Arthrex never got that remedy, it argued in its brief. Hirshfeld denied Arthrex’s petition for director review. Hirshfeld’s action violates the Appointments Clause, the Federal Vacancies Reform Act, and the separation of powers, Arthrex argued.

Because Hirshfeld was the commissioner for patents, he wasn’t a Senate-confirmed principal officer who would meet the Supreme Court’s requirement, according to Arthrex’s brief.

“By assigning Arthrex’s petition to Commissioner Hirshfeld, the PTO once again denied Arthrex the constitutionally required opportunity for principal-officer review,” Arthrex said. “Just like the panel of APJs (administrative patent judges) who previously invalidated Arthrex’s patent claims, Commissioner Hirshfeld is an inferior officer appointed by the Secretary of Commerce.”

‘Wreak Havoc’

Arthrex’s strict reading of the Federal Vacancies Reform Act could have consequences for other agencies, said Christopher Loh, a New York-based Venable LLP attorney.

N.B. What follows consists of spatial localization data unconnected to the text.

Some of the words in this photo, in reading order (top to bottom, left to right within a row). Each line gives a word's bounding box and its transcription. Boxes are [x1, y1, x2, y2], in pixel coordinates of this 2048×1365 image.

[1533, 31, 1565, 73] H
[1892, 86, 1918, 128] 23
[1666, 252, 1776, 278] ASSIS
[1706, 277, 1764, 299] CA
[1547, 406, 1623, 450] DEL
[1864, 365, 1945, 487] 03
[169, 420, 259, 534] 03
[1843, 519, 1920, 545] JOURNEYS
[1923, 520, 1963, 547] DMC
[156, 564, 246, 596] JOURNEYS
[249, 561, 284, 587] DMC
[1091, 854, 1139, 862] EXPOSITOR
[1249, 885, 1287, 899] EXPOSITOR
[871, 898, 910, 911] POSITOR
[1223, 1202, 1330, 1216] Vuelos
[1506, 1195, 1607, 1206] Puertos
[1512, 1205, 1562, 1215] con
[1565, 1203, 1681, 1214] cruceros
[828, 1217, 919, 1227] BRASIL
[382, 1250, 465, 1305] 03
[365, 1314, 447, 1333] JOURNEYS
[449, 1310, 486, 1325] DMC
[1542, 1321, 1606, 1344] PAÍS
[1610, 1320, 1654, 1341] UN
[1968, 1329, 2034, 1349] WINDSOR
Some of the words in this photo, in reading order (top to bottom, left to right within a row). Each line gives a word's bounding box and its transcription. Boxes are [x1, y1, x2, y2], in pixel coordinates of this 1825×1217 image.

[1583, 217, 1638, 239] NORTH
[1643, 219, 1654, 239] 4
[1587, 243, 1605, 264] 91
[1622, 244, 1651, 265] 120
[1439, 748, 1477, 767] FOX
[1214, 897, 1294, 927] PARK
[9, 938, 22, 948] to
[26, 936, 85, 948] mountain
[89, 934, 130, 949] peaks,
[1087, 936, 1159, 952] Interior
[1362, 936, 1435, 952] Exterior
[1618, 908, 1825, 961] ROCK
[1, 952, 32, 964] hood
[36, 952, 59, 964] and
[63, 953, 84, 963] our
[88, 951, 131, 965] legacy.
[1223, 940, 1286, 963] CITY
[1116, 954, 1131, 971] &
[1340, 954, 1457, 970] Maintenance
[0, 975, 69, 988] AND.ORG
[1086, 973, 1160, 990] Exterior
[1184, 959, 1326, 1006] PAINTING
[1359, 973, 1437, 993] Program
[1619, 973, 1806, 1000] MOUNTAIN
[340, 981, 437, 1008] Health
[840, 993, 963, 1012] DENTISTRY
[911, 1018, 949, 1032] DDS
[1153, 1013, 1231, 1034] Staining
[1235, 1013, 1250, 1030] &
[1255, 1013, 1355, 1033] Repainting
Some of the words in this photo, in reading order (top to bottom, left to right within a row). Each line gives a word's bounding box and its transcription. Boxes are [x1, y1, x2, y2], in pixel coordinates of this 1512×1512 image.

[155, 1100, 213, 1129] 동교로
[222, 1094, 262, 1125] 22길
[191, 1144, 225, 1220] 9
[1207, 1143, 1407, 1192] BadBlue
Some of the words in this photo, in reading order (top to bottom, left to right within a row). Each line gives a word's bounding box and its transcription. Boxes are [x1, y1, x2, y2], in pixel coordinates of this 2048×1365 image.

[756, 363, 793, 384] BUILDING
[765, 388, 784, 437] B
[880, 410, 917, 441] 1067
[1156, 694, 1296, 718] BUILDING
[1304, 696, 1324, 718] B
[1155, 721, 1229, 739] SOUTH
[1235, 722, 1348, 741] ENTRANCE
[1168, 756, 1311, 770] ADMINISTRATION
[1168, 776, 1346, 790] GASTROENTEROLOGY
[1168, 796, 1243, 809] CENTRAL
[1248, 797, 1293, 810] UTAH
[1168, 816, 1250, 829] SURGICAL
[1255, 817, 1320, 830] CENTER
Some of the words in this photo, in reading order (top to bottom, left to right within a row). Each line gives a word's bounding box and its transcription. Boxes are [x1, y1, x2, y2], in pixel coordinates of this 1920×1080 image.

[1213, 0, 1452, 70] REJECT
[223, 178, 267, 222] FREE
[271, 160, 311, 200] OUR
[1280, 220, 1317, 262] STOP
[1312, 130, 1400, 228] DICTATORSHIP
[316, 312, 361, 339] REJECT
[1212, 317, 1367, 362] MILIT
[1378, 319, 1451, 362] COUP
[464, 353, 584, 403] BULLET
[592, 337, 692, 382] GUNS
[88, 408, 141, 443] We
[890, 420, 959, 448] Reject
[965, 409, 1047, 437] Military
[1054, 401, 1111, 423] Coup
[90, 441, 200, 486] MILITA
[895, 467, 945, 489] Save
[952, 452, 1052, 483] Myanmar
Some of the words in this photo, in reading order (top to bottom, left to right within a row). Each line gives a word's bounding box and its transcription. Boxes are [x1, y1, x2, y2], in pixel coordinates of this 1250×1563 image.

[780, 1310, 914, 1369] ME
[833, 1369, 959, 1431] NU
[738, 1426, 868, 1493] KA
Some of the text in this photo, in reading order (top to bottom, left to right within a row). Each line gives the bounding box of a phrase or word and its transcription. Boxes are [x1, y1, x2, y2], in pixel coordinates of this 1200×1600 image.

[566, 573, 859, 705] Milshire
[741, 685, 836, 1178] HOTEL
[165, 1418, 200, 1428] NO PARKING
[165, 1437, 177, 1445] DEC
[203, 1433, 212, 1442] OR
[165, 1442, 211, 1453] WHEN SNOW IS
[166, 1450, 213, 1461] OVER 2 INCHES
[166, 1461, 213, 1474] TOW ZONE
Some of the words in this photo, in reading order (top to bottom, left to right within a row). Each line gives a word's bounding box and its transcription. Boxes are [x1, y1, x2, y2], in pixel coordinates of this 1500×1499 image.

Smith & Nephew in its brief argued that Arthrex’s argument would “wreak havoc on the PTO—much less other agencies.” Several functions at the patent office and other agencies wouldn’t be able to be carried out during transition periods unless a director or deputy director is in place, Smith & Nephew said in its brief, emphasizing that Hirshfeld’s position is consistent with the federal vacancies law.

“The key issue for me is whether or not the Federal Vacancy Reform Act applies and if it does, whether or not it’s as draconian as Arthrex is making it out to be, or whether it has some wiggle room as Smith & Nephew says,” Loh said. “Smith & Nephew points out there could be potential knock out effects regarding not just the PTO but all sorts of agencies where, if you have a presidential transition, a lot of the officers resign, and the question arises of how is the agency supposed to practically operate in those circumstances.”

This latest challenge, Loh added, presents a question that will only be relevant until Vidal is confirmed. This problem is likely only for the short term, he said.

“Eventually the PTO will get a director,” Loh said, “and the window of time during which there’s actually going to be a case or controversy that the parties can fight about in court is going to disappear.”

MoloLamken LLP and Carlson, Gaskey & Olds PLC represent Arthrex. Gibson, Dunn & Crutcher LLP and Wolf, Greenfield & Sacks P.C. represent Smith & Nephew.

The case is Arthrex, Inc. v. Smith & Nephew, Inc., Fed. Cir., No. 18-2140, oral argument 3/30/22.